We’ve always liked the Need for Speed series. It’s one that shamelessly flashes its arcade fangs alongside enough car porn to satiate any drooling gearheads. In its latter years, it even ushered in a bit of soap opera drama, like all good racing games shouldn’t. So, why not reboot the whole thing, eh? Let’s Spider-Man the shit out of it.
Like most reboots, Need for Speed’s overhaul is largely unnecessary.
This is a game that wants you to believe you’re whizzing around the slick, wet streets of Ventura Bay, catching up with story-driven characters and real-life counterparts for high-octane moonlit street races. You’re in constant contact with your peers as your phone fills up with text messages offering time trials, tasks and challenges to fulfil at your leisure while you casually network with the city’s young, beautiful racing underworld. All of this is complemented by a unique, always-connected online world, where a selection of other players dash around the city on their own errands, and it’s all glamorous skidmarks and supe’d up tesoste-racing.
Yeah, it’s kinda not like that really. But it sounds great, right?
Sadly, the ‘always online’ element is plagued with wee bugs and connection issues that kick you back to the menu during a race, or leave you waiting to connect to a server for painfully long periods of time. Without a connection, you won’t be playing Need For Speed at all. Plus, when it does work, all of that is mostly underused. Need For Speed’s beautiful Ventura Bay setting looks amazing with a slick neon glow, but it simply isn’t teeming with players. Interaction with other gamers is fleeting and mute at most. Christ, even the NPCs seem wholly absent.
While this could be a style-choice that really works, it actually becomes evident that it may be more of a performance issue as shuddering, jerky frame-rates come into play when there are more than a couple of humans involved.
Despite its attempts to be a real social world where real players own the streets, Need For Speed’s Ventura Bay is coldly empty – sometimes it appears an aesthetic choice as you whiz at top speed around the snaking unused highways with very little to stop you; other times it’s an eerily abandoned limbo, like you’re the ghost of a dead driver forced to make the same midnight dash across town that killed him 20 years before.

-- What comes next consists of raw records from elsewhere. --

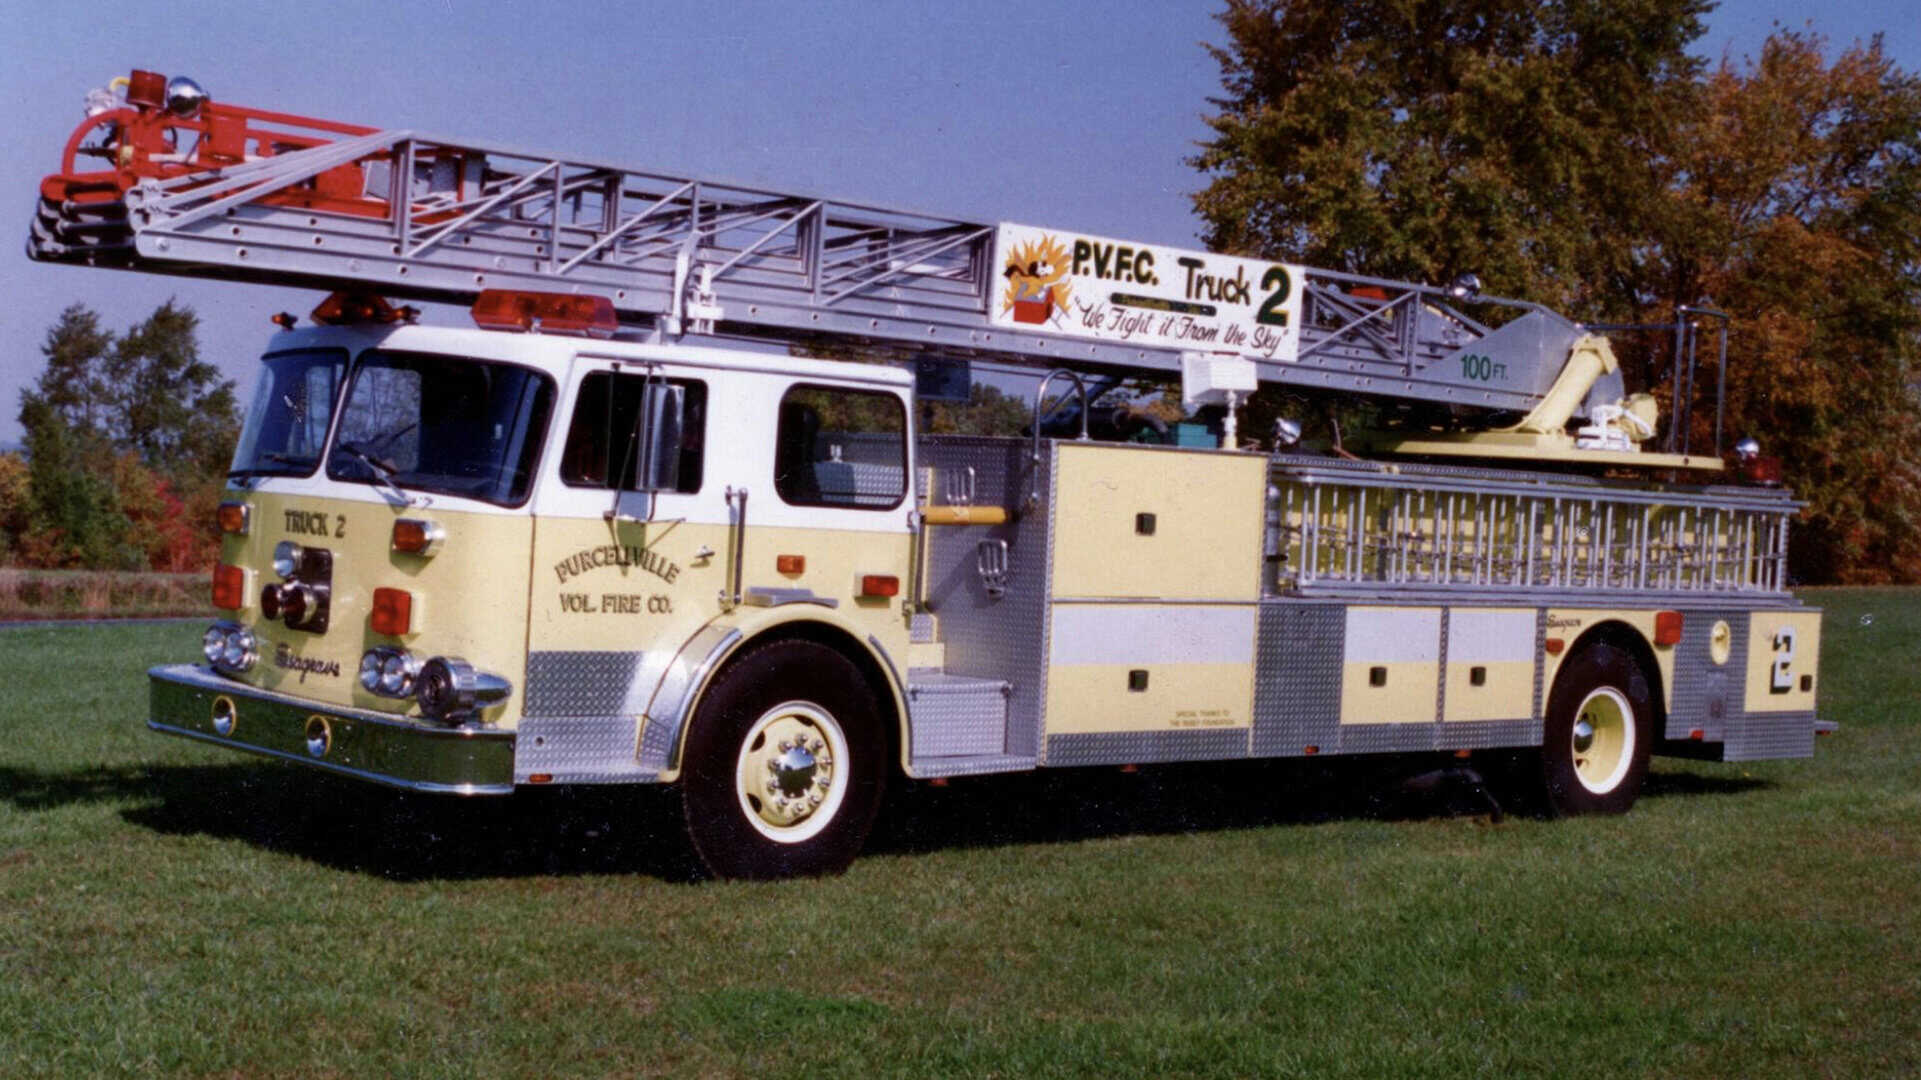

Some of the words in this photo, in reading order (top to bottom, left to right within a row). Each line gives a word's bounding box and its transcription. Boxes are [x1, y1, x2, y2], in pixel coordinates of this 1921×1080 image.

[1072, 238, 1159, 286] P.V.F.C.
[1178, 256, 1251, 306] Truck
[1256, 264, 1291, 327] 2
[1107, 306, 1155, 340] Fight
[1158, 315, 1175, 337] it
[1175, 315, 1219, 342] From
[1224, 322, 1247, 346] the
[1461, 354, 1491, 381] 100
[284, 509, 328, 537] TRUCK
[335, 514, 347, 539] 2
[554, 544, 680, 585] PURCELLVILLE
[601, 594, 641, 614] FIRE
[647, 594, 673, 614] CO.
[1769, 626, 1797, 695] 2

Holding hands with reality as much as possible, Need For Speed contains hilariously earnest full motion video cut-scenes and credit is owed to the acting chops of a cast doing their best to bulk out their IMDB filmographies. Despite the cringe-worthy dialogue, it’s well acted all round and your gang of racing buddies have likeably clichéd personalities, reminiscent of Road Rash, and somehow manage to elevate the melodrama slightly above Night Trap.

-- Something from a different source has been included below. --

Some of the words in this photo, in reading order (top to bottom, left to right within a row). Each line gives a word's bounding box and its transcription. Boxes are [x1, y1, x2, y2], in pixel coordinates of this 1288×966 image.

All of this seems fairly pointless though, since Need For Speed has always excelled in its core purpose – it’s a great racer. There’s enough car drooling for automobile lovers to appreciate and a lot of care has gone into the ability to customise your speedsters to really refine your skill set in order to play up to various race requirements.
Thankfully, it doesn’t go too far down that route and Need For Speed always remembers its arcade basics – races, time trials and drifting challenges all remain difficult enough, but rarely stray into the impossible, despite AI pacing problems that are believed to be being patched soon.
Heading back to your garage allows you to buy stuff with the points you’ve earned skidding around the streets, destroying bits of Ventura Bay and avoiding the cops. These upgrades allow you to skid around the streets, destroy bits of Ventura Bay and avoid the cops with more finesse. There are plenty of nice touches too, including these police chases in which you can stop and pay a fine, or try to escape their worryingly aggressive clutches, while the fine you’ll have to be pay if you’re caught slowly increases.
But, again, it all seems superfluous and, at its heart, Need For Speed is just a really decent racer that simply doesn’t need its ‘always on’ function, or its full-motion video cut-scenes. Despite all its try-hard efforts, the reboot is just kind of….well, sweet. It has an earnest, ego-less fun factor about it that’s at its best when you’re simply cruising around in a newly supe’d up car, complete with decals spelling out your favourite swear word. It doesn’t need half of the fancy shit it keeps trying to hammer home as its USP and it crucially never relies on them at the crux either. Its design choices, like the ghostly emptiness of the drives and the irritating inability to instantly replay failed races somehow don’t manage to remove the fact that Need For Speed’s back-to-basics formula is just hugely enjoyable.
Need For Speed is available now for PS4, Xbox One and PC.